Setiap tanaman memiliki lokasi optimum untuk pertumbuhannya. Walaupun bisa tumbuh kalau bukan pada lokasi optimumnya maka hasilnya juga tidak sebaik lokasi optimumnya. Tanaman yang ditanam pada lokasi optimalnya maka besar harapan untuk mencapai hasil optimalnya, baik kayu, buah, bunga dan sebagainya. Apabila menanam teh, apel, atau edelweiss di dataran rendah atau bahkan di pesisir laut maka hampir mustahil untuk mendapat hasil optimumnya, bahkan mungkin malah layu dan mati. Pemilihan lokasi terbaik yang sesuai dengan karakteristik tanaman adalah hal penting untuk mendapatkan hasil optimum dari budidaya tersebut.
Gliricidae di pinggir pantai Depok, Bantul, Yogyakarta

Kaliandra di lereng gunung Merapi, Magelang, Jawa Tengah
Demikian juga dengan kebun energi. Selain pemilihan spesies tanaman yang ditanam, lokasi kebun seharusnya juga diperhatikan terkait akan jenis tanaman yang akan ditanam tersebut.
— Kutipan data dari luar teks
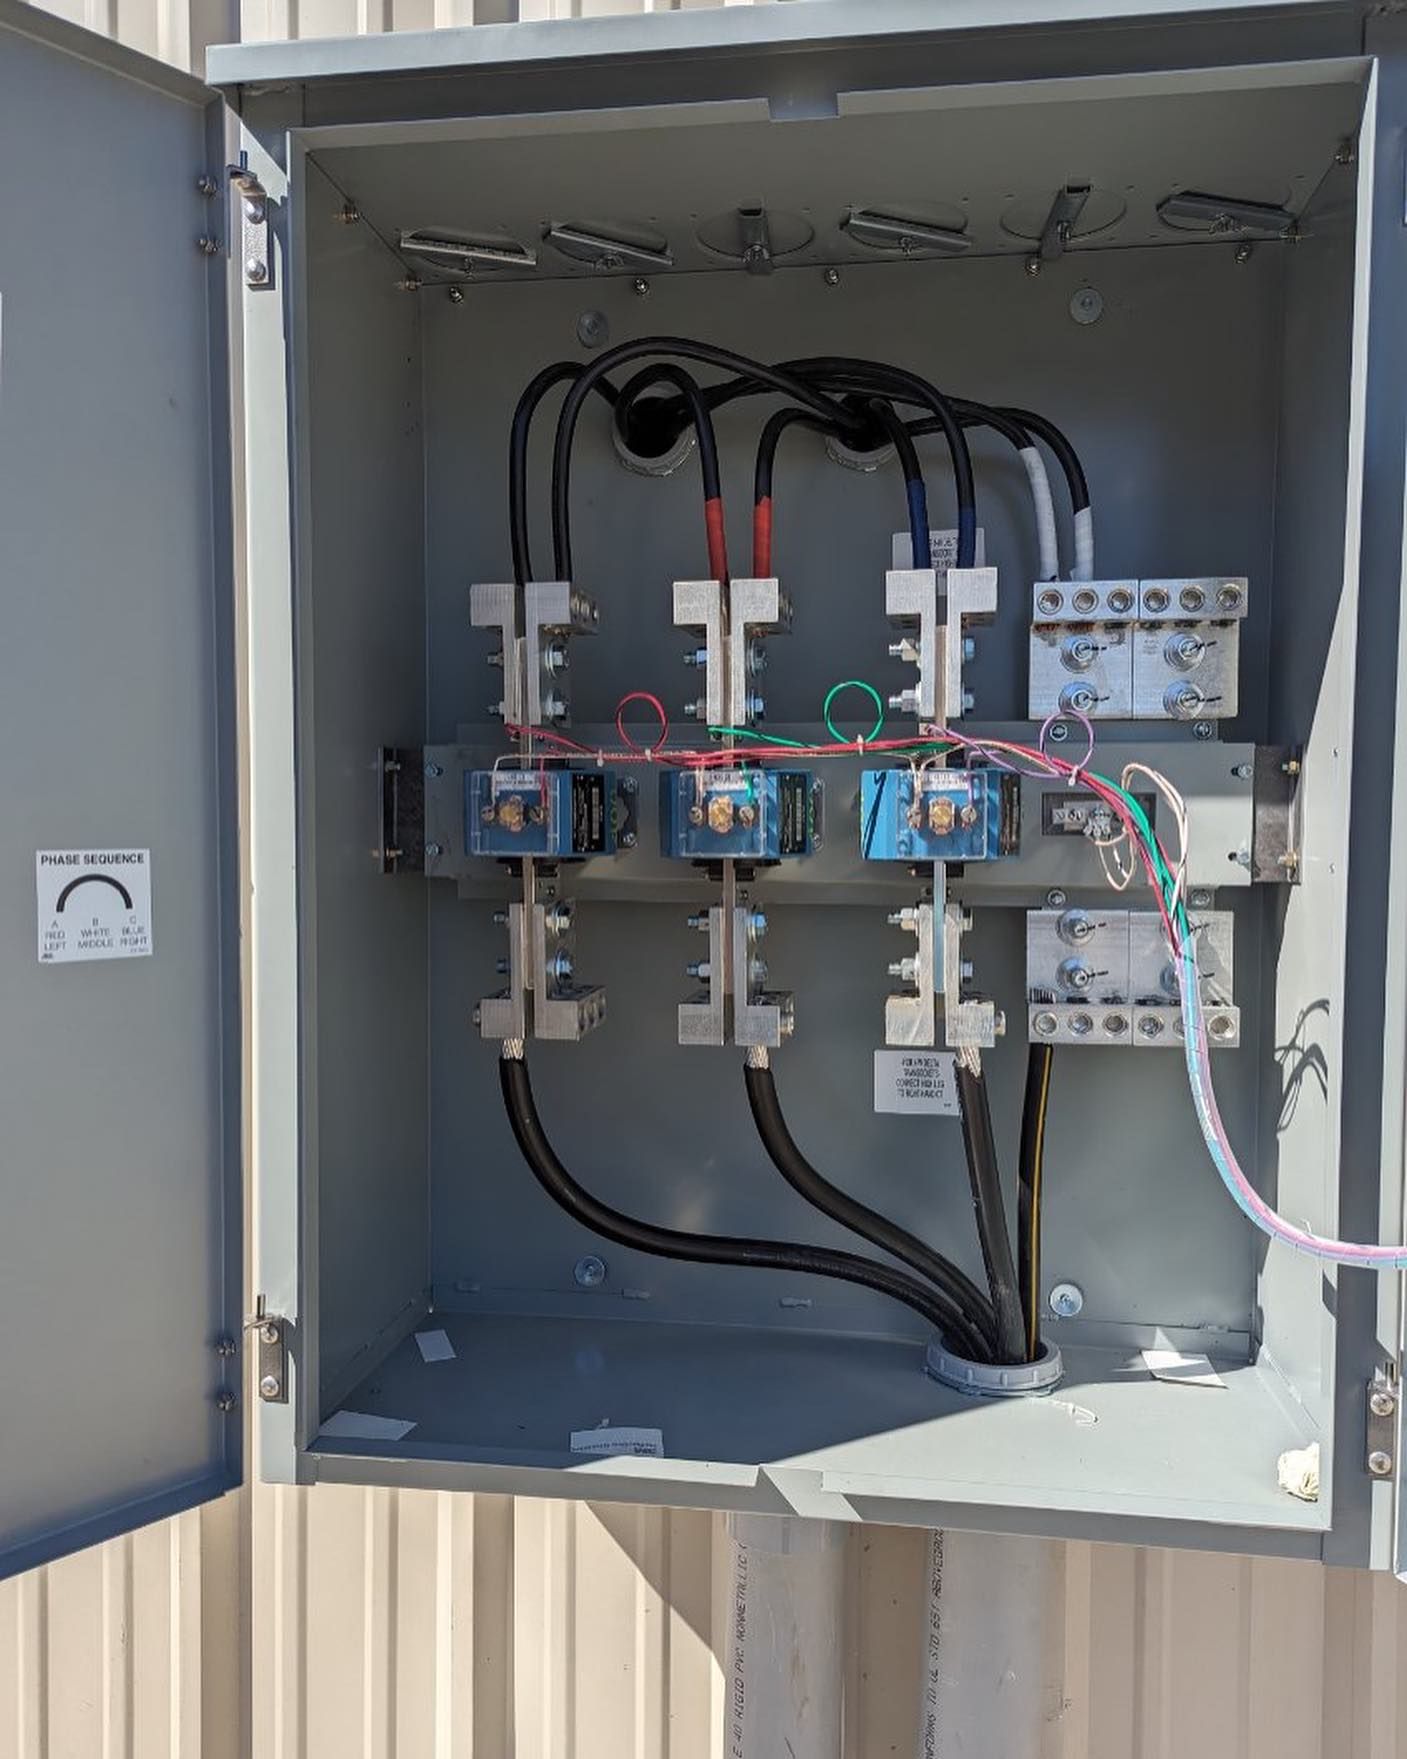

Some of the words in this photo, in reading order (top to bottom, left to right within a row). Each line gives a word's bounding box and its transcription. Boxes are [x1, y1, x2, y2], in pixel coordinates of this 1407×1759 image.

[41, 854, 80, 866] PHASE
[83, 853, 145, 865] SEQUENCE
[51, 920, 59, 929] A
[80, 928, 110, 938] WHITE
[44, 942, 66, 951] LEFT
[78, 939, 114, 949] MIDDLE
[735, 1678, 744, 1720] RIGID
Kebun energi pada umumnya menggunakan tanaman rotasi cepat dari jenis leguminoceae (polong-polongan) karena memiliki banyak keunggulan antara lain, usia panen cepat (rata-rata hanya 2 tahun), perawatan sangat mudah, tidak perlu replanting hingga belasan tahun, akarnya bisa menyerap nitrogen dari atmosfer sehingga menyuburkan tanah, akarnya juga kuat sehingga mampu menahan erosi, tanaman juga sangat efisien dalam penggunaan air sehingga bisa ditanam di daerah tandus sekalipun, daunnya untuk pakan ternak bernutrisi tinggi, dan bunganya untuk peternakan lebah madu. Singkatnya untuk optimalisasi pemanfaatan lahan tersebut maka kebun energi diintegrasikan dengan usaha peternakan.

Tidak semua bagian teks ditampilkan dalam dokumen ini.